The study authors attribute their discovery to the emerging field of multi-level cancer proteomics. The researchers relied on minute pieces of tissue acquired from the University of Chicago ovarian cancer tissue bank, which has been following patient outcomes for 20 years.

They used pieces of these samples to isolate, identify, and characterize thousands of proteins. The most interesting of those proteins was CT45. They determined that higher levels of this biomarker were closely linked to treatment success and excellent patient outcomes.

"We believe this is the first example of mass spectrometry-based proteomics leading to the discovery of a prognostic and functionally important cancer biomarker," said co-lead author Ernst Lengyel, MD, PhD, an ovarian cancer specialist and Chairman of the Department of Obstetrics and Gynecology at the University of Chicago.

"Our goal was to find reliable biomarkers that could predict treatment response," said the study's co-lead author Matthias Mann, PhD, Chairman at the Max-Planck Institute.
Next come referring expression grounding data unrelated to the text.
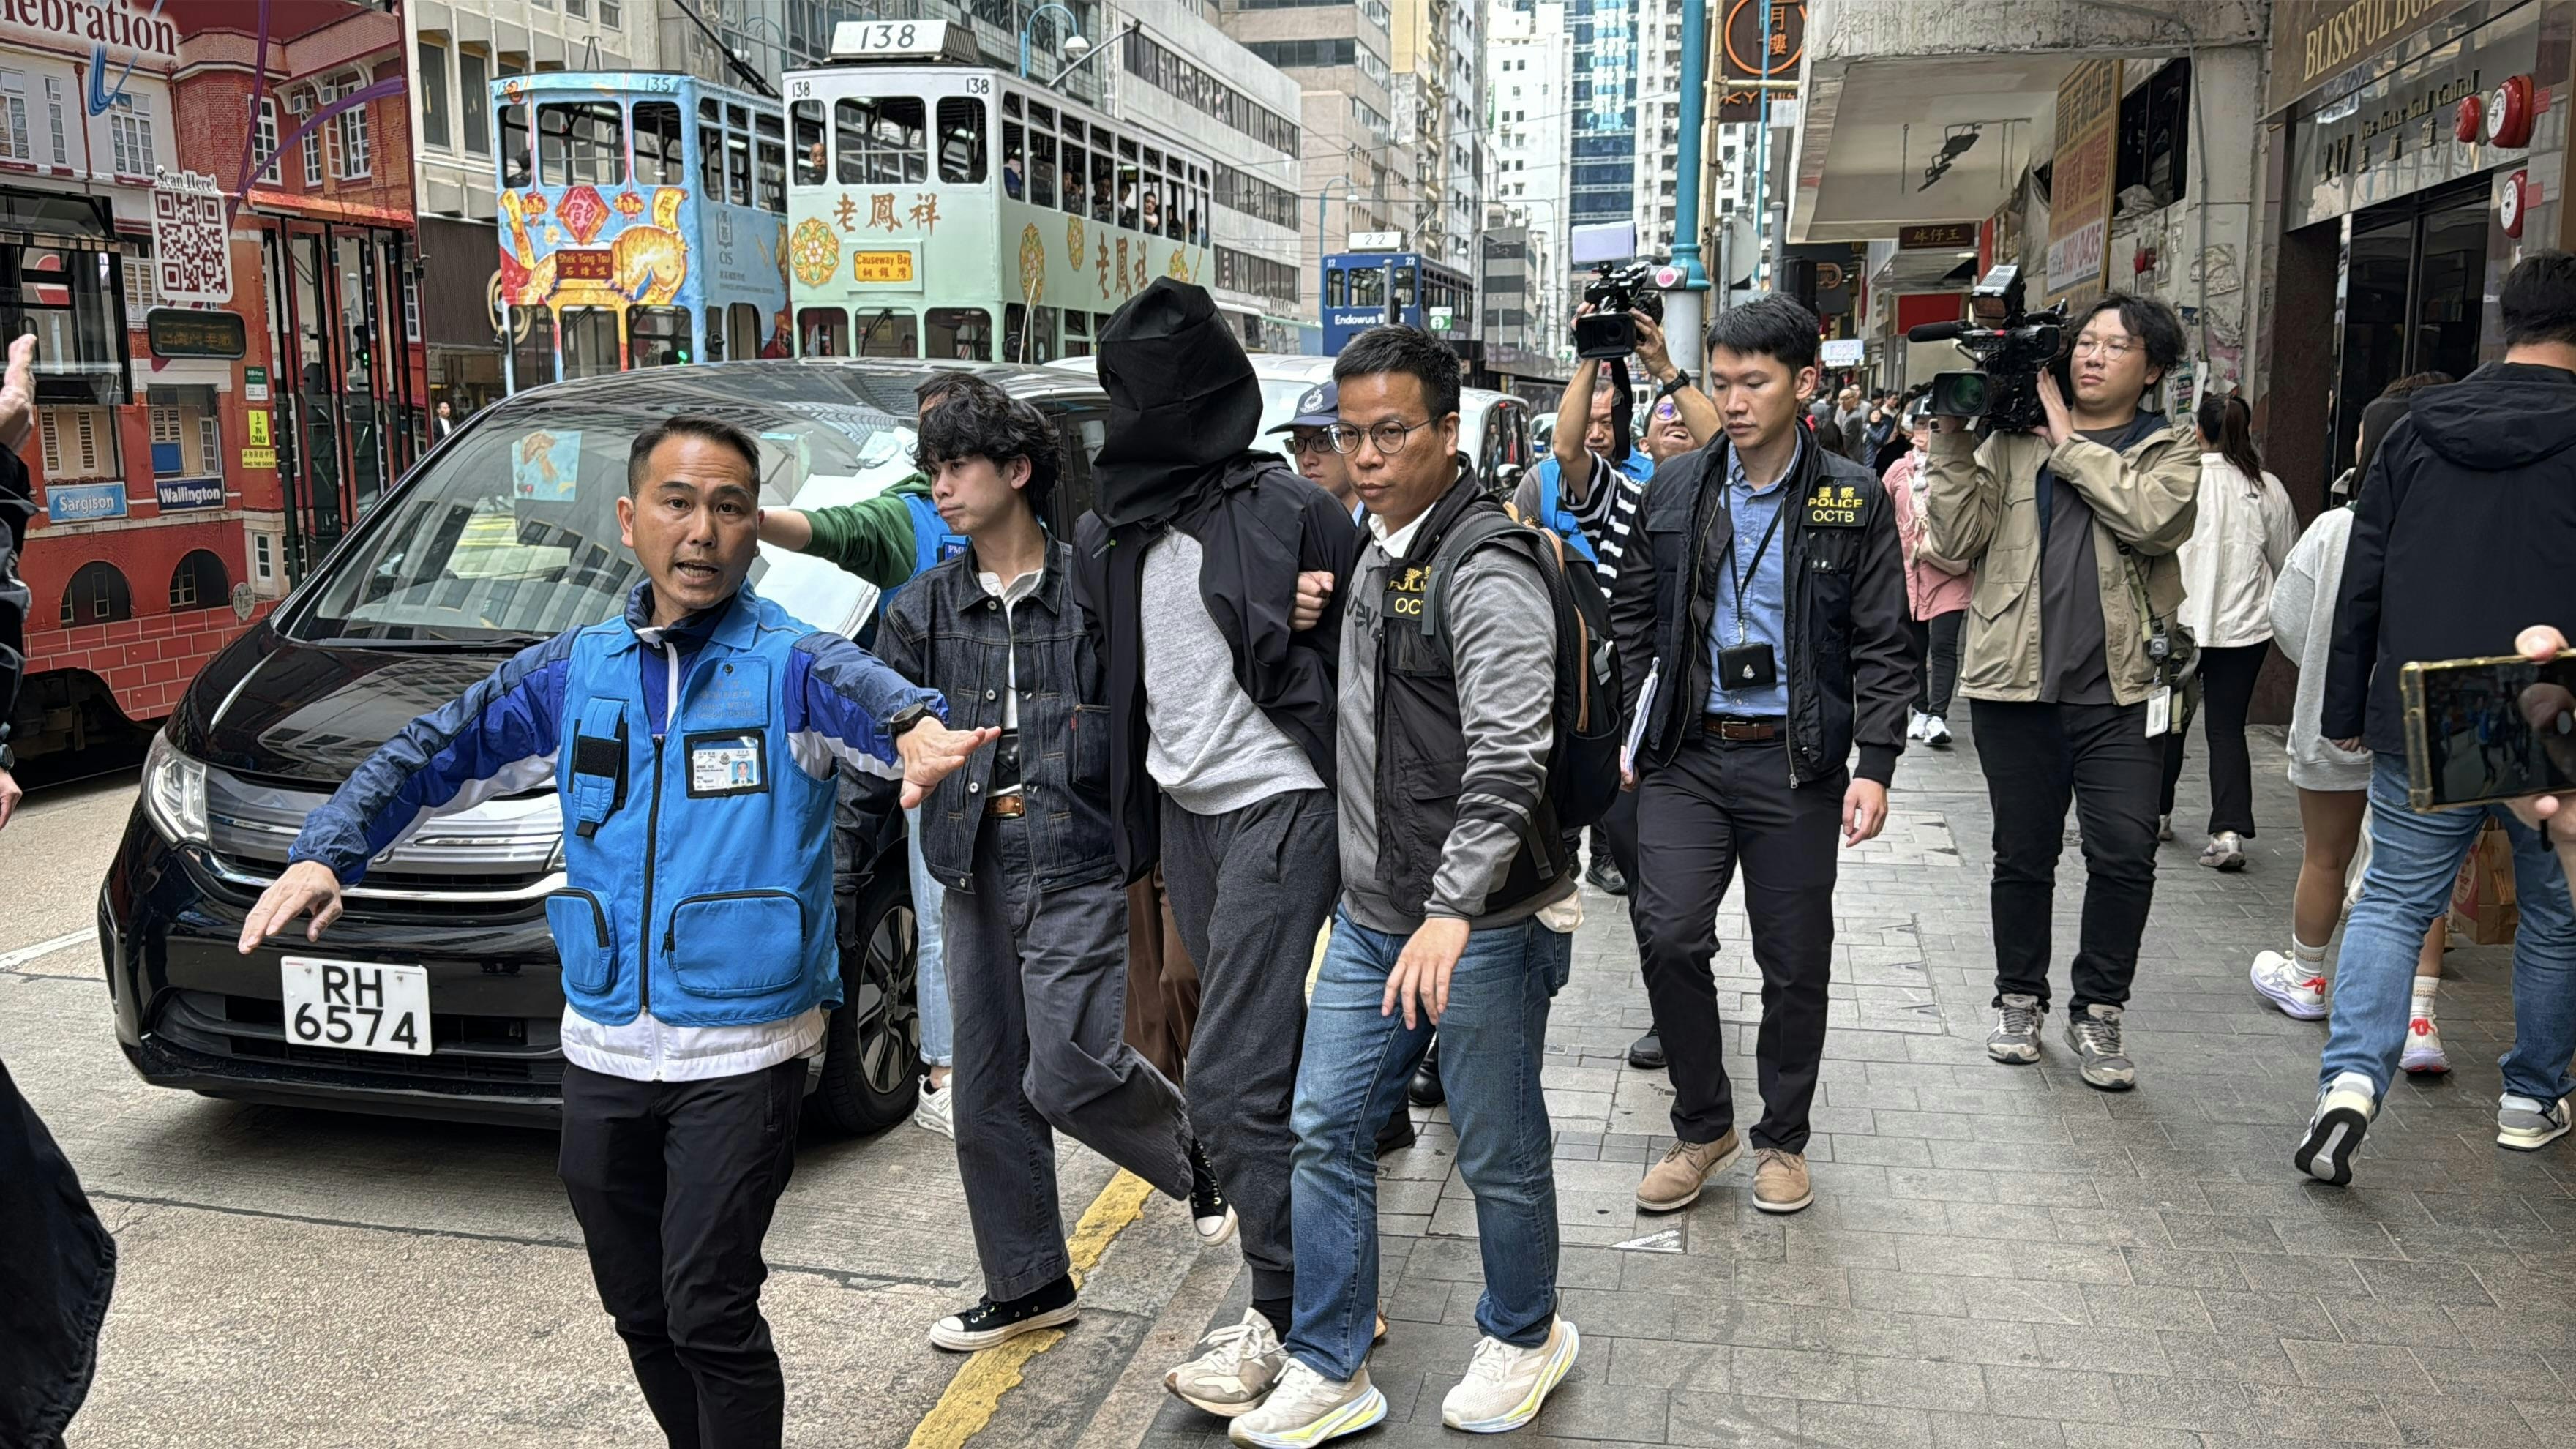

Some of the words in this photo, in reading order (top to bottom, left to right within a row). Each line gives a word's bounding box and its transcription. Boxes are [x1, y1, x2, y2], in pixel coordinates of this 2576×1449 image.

[0, 0, 176, 56] lebration
[861, 23, 916, 50] 138
[645, 76, 670, 92] 135
[792, 81, 811, 97] 138
[966, 78, 989, 94] 138
[187, 174, 216, 192] Here!
[833, 192, 941, 236] 老鳳祥
[1365, 233, 1386, 246] 22
[856, 254, 894, 266] Causeway
[897, 254, 912, 266] Bay
[1096, 230, 1149, 302] 老鳳祥
[1327, 258, 1336, 268] 22
[1405, 256, 1415, 266] 22
[1334, 314, 1376, 326] Endowus
[251, 435, 267, 443] ONLY
[59, 495, 114, 512] Sargison
[160, 486, 220, 505] Wallington
[1808, 497, 1863, 509] POLICE
[1812, 509, 1855, 523] OCTB
[1394, 597, 1425, 615] OC
[322, 965, 383, 1008] RH
[294, 1002, 419, 1051] 6574
The team quantified more than 9,000 proteins and "identified CT45 as an independent prognostic factor for patients with high-grade serous ovarian cancer."
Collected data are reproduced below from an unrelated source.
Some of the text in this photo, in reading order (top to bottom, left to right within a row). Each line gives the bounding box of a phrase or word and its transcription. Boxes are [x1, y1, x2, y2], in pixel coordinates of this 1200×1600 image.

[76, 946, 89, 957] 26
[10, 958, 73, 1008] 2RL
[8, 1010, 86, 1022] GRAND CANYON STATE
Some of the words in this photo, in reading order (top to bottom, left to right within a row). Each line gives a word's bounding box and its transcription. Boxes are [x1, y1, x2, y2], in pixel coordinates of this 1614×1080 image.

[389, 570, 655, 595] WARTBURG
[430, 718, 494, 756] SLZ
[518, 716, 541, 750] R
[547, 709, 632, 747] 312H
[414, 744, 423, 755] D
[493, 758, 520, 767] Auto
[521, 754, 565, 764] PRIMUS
"Using mass spectrometry, we can identify, for the first time, almost all of the proteins in the tumor tissue of the patients," Mann said. "Our highly sensitive methods now enable us to profile thousands of proteins simultaneously, allowing us to search for the proteins that are critical to the disease by comparing the tissue samples."

It was encouraging for the research team to find the first significant biomarker in tissues from ovarian cancer patients who responded to platinum-based chemotherapy. "CT45," Lengyel said, "was completely unknown until then."

Study Details

To validate their initial findings, the researchers studied tissues collected from more than 200 patients from the University of Chicago. They found no CT45 in 82 of those patient samples, but they found high levels in 42 patients, all of whom had much longer disease-free survival.
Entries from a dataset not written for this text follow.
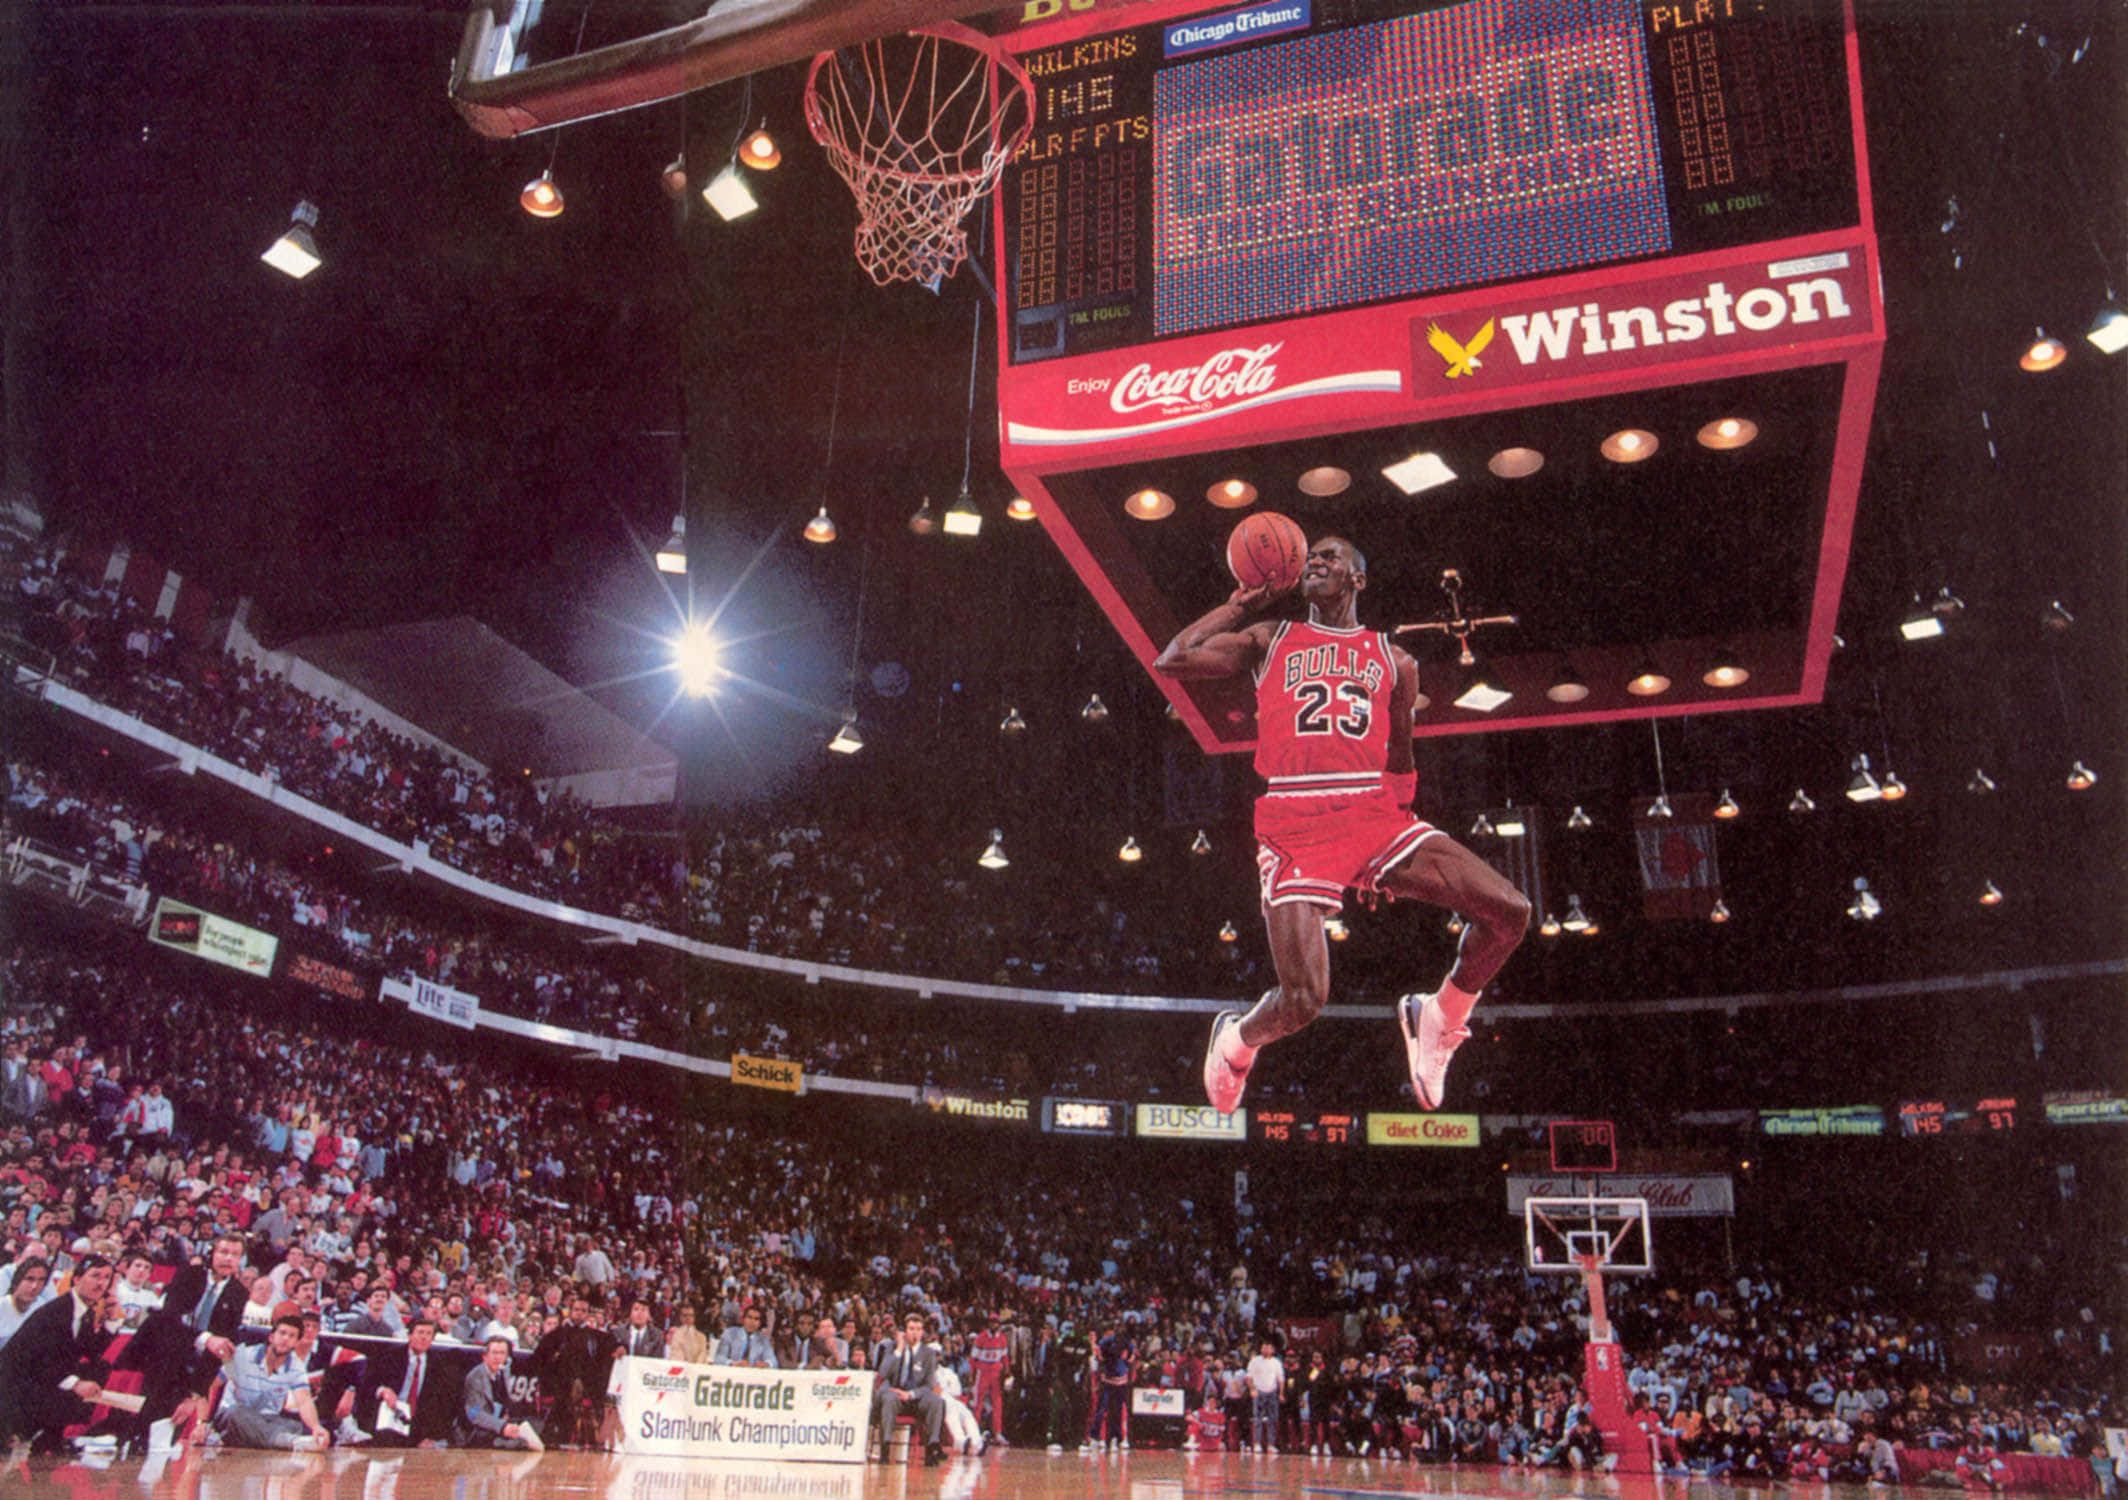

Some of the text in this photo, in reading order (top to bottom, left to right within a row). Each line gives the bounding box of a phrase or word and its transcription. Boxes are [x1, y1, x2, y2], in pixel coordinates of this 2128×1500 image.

[1170, 6, 1301, 47] Chicago Tribune
[1025, 34, 1137, 76] WILKINS
[1048, 75, 1113, 120] 145
[1500, 277, 1850, 364] Winston
[1067, 340, 1285, 413] Enjoy Coca-Cola
[1284, 643, 1383, 693] BULLS
[1295, 681, 1372, 740] 23
[737, 1061, 794, 1083] Schick
[945, 1097, 1028, 1120] Winston
[1149, 1106, 1233, 1128] BUSCH
[1912, 1115, 1942, 1135] 145
[1989, 1112, 2014, 1129] 97
[1386, 1120, 1468, 1139] diet Coke
[694, 1375, 795, 1410] Gatorade
[812, 1383, 861, 1398] Gatorade
[730, 1417, 855, 1451] Championship
A larger study, using sequence data from The Cancer Genome Atlas, confirmed their initial results, leading to their conclusion that "CT45 expression is a novel prognostic indicator for advanced stage high-grade serous ovarian cancer."

Since little was known about CT45's role in cellular functions, the study authors tried to understand the molecular mechanisms that improved responses to chemotherapy. They found that the standard chemotherapy for ovarian cancer, carboplatin, caused DNA damage, particularly in tumor cells expressing high levels of CT45. This lead to cell death in tissue culture and tumor reduction in treated mice.

"We suspect that CT45 plays a major role in the response of tumors to carboplatin. This gives us hope that future strategies that activate CT45 expression in the tumor could make it more sensitive to carboplatin treatment," said Marion Curtis, PhD, a postdoctoral scholar in the Lengyel laboratory.

They also found two peptides from CT45-positive ovarian cancer cells that stimulated a solid immune response against the cancer. T cells collected from a CT45-positive patient with high-grade ovarian cancer were able to kill cancer cells in vitro "in a dose-dependent manner."

"We have evidence that tumor-specific expression of CT45 stimulates the patient's immune system to fight the cancer, as would a virus or bacterial-infected cells," Lengyel added. "Our long-term goal is to find new ways to improve patient outcomes based on these exciting insights."

The clinical implications from this study "could be significant," the authors noted. Expression of CT45 improves the efficacy of platinum-based chemotherapy, and potentially immunotherapy, for patients with advanced stage ovarian cancer. "CT45 may be particularly relevant to long-term survival," they added.

"This study," researchers concluded, also "highlights the power of clinical cancer proteomics to identify targets for chemo and immunotherapy, define their mechanisms, and contribute to the development of effective cancer therapies."